Was it to be enjoyed or endured? Yes, there were enjoyable moments, but there were too many conflicting emotions to say the overriding feeling was one of enjoyment. Nervousness, dread, fear, hope and excitement.
The real satisfaction comes in the looking back and knowing you were able to live every height scaled, depth plummeted, ball struck and wicket broken.
In the closing moments of any match, a writer will be furiously pounding the keyboard, perhaps only one eye on the action, trying to have the report filed as soon after the final delivery as possible.
On this day, New Zealand ending England’s World Cup dream, Jos Buttler blasting England to glory and England’s super-over heartbreak were all drafted and discarded.
Eventually, as Jofra Archer made his way to the end of his run-up for the final time, all you could do was stop and take it all in. What had gone before had proved guessing at the eventual outcome was futile. The filing of perfect prose could wait. Words probably would not do it justice anyway.
When the glorious moment came, Buttler’s gloves sending the bails into orbit and beginning a pale blue dash of celebration across the hallowed turf, the outpouring of joy united the egg-and-bacon ties of the MCC members with those who had discovered cricket for the first time that afternoon.

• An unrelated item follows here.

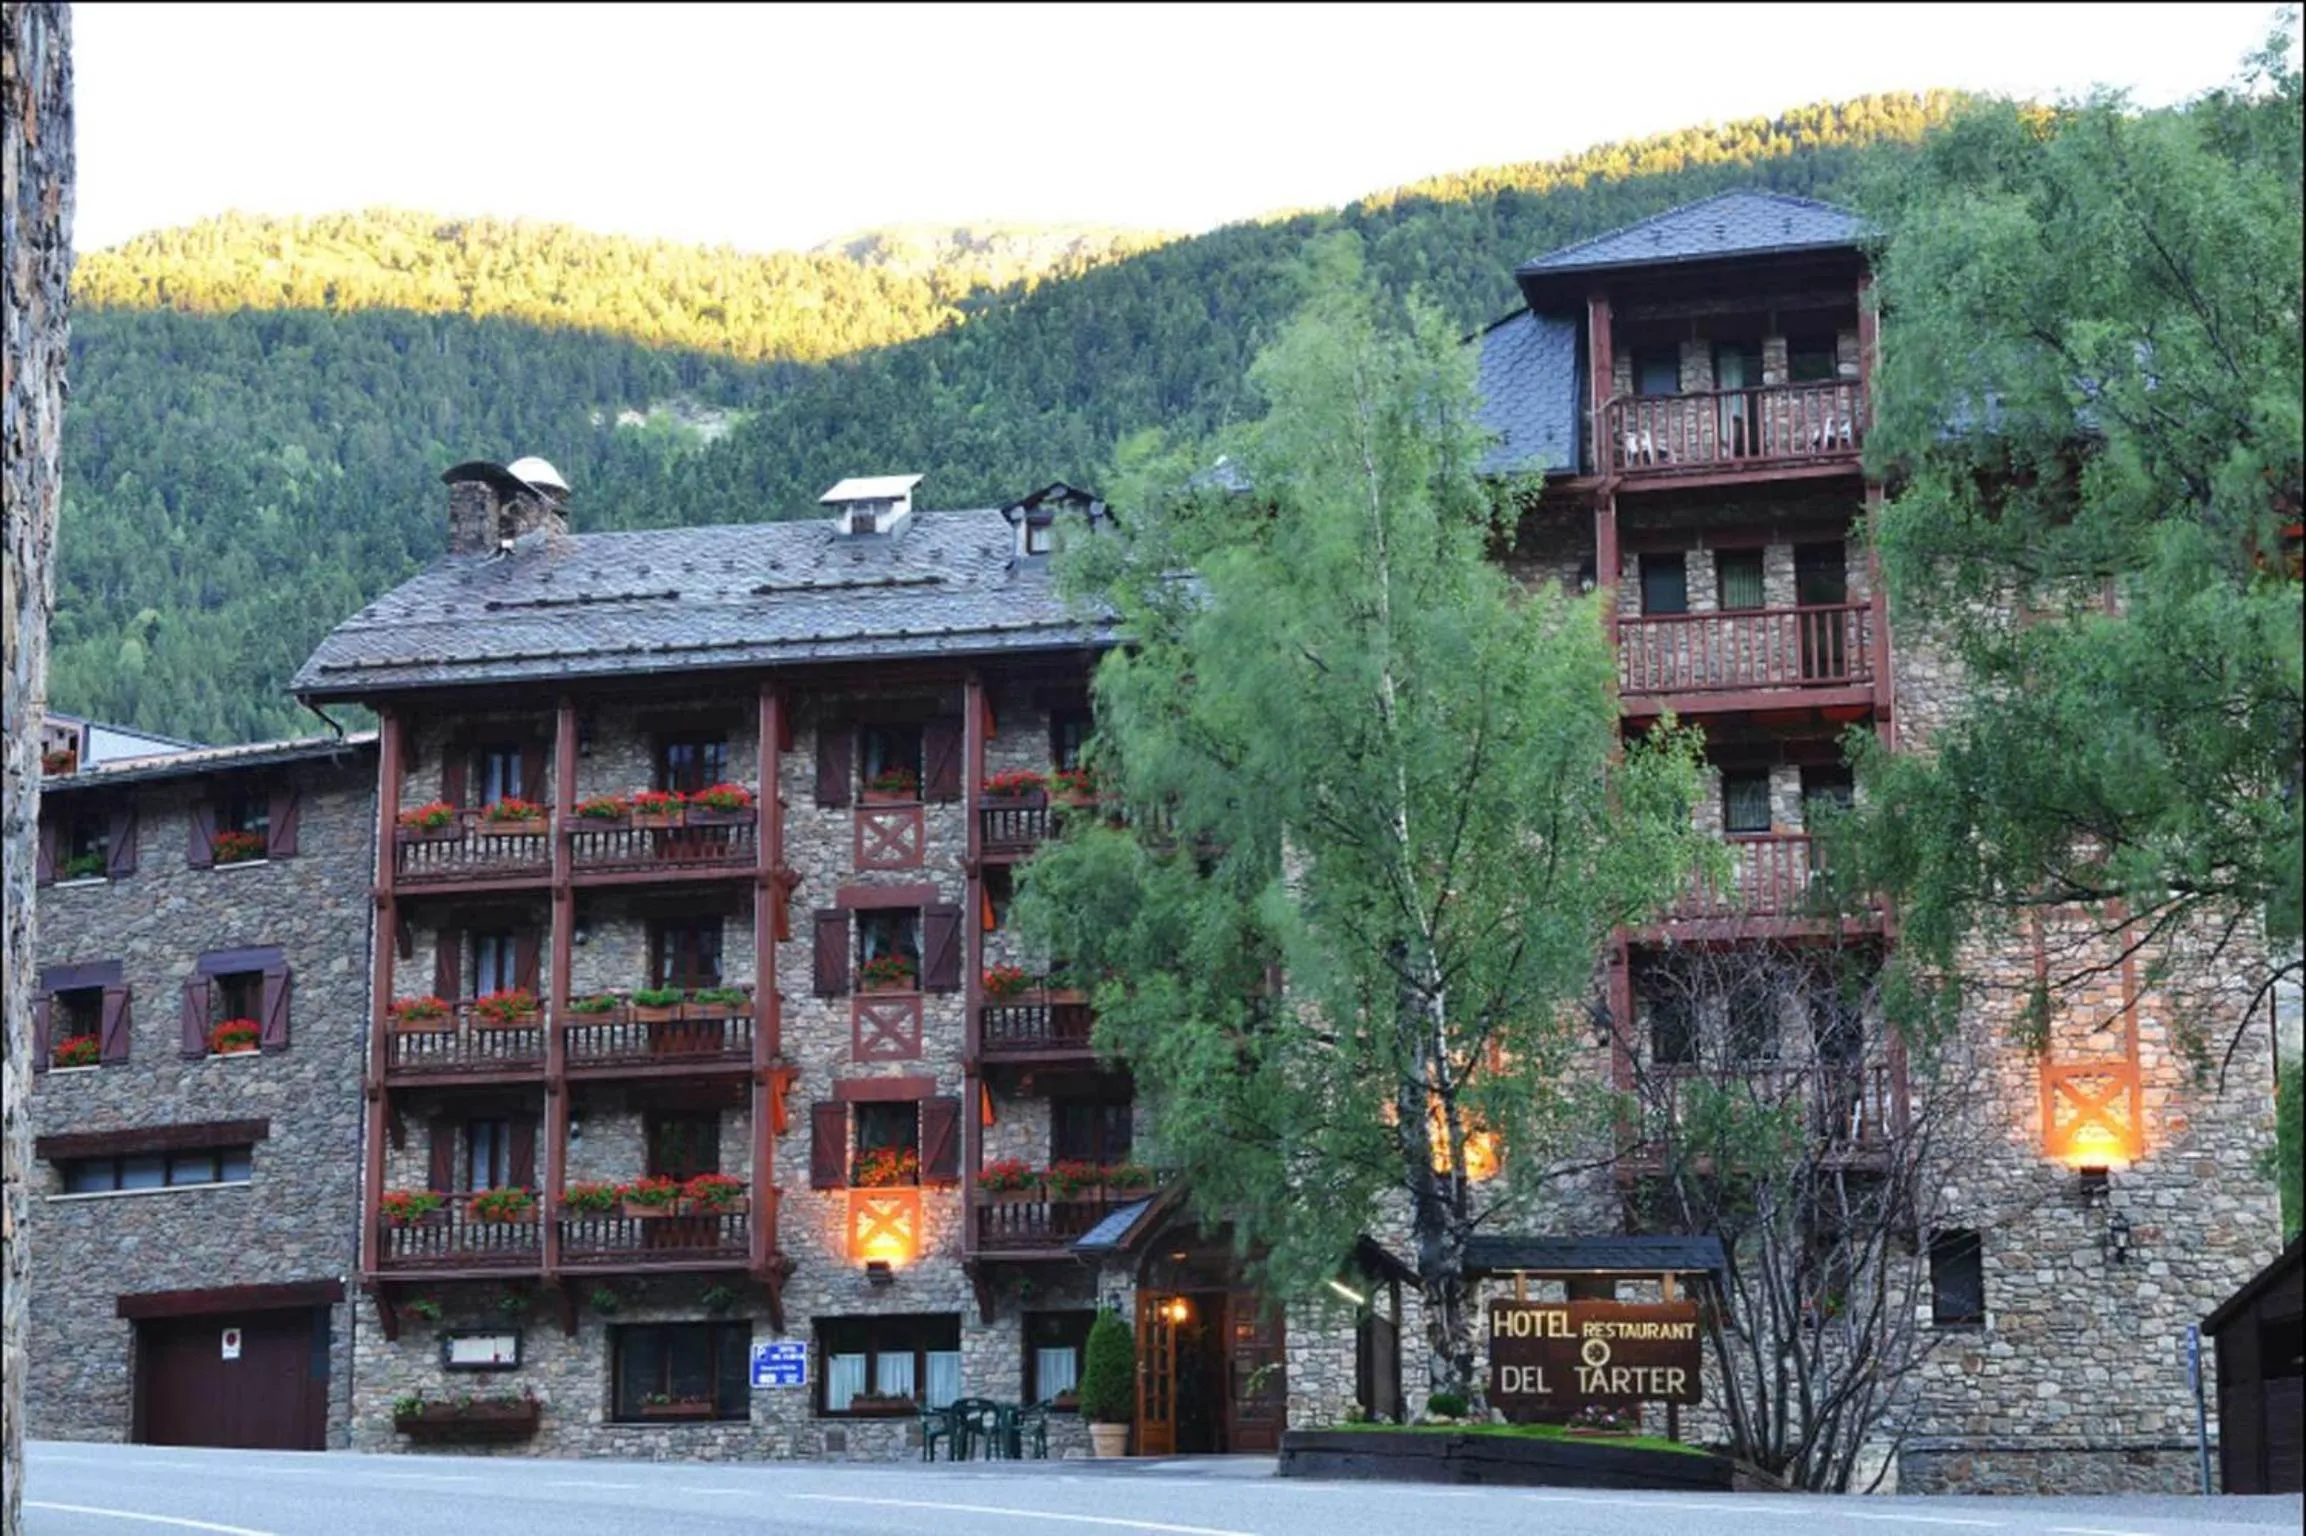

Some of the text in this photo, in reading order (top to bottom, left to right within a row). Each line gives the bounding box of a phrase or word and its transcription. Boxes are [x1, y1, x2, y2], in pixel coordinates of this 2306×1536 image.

[1493, 1310, 1696, 1340] HOTEL RESTAURANT
[1501, 1366, 1686, 1394] DEL TARTER

In these divided times, an England team captained by an Irishman, inspired by an all-rounder born in New Zealand, containing two devout muslims and a fast bowler raised in Barbados was being celebrated in the Lord’s stands by those who will forever be bonded by what they witnessed.
Officially, it was 30,000. At some point in the future, 10 times that number will claim to have been there.
And what’s really cool? It was totally unique. Never again will a tied super over be decided on boundary countback. They’ll keep super-overing until a winner is found.
The first, last and only. The greatest game. Privileged doesn’t even come close.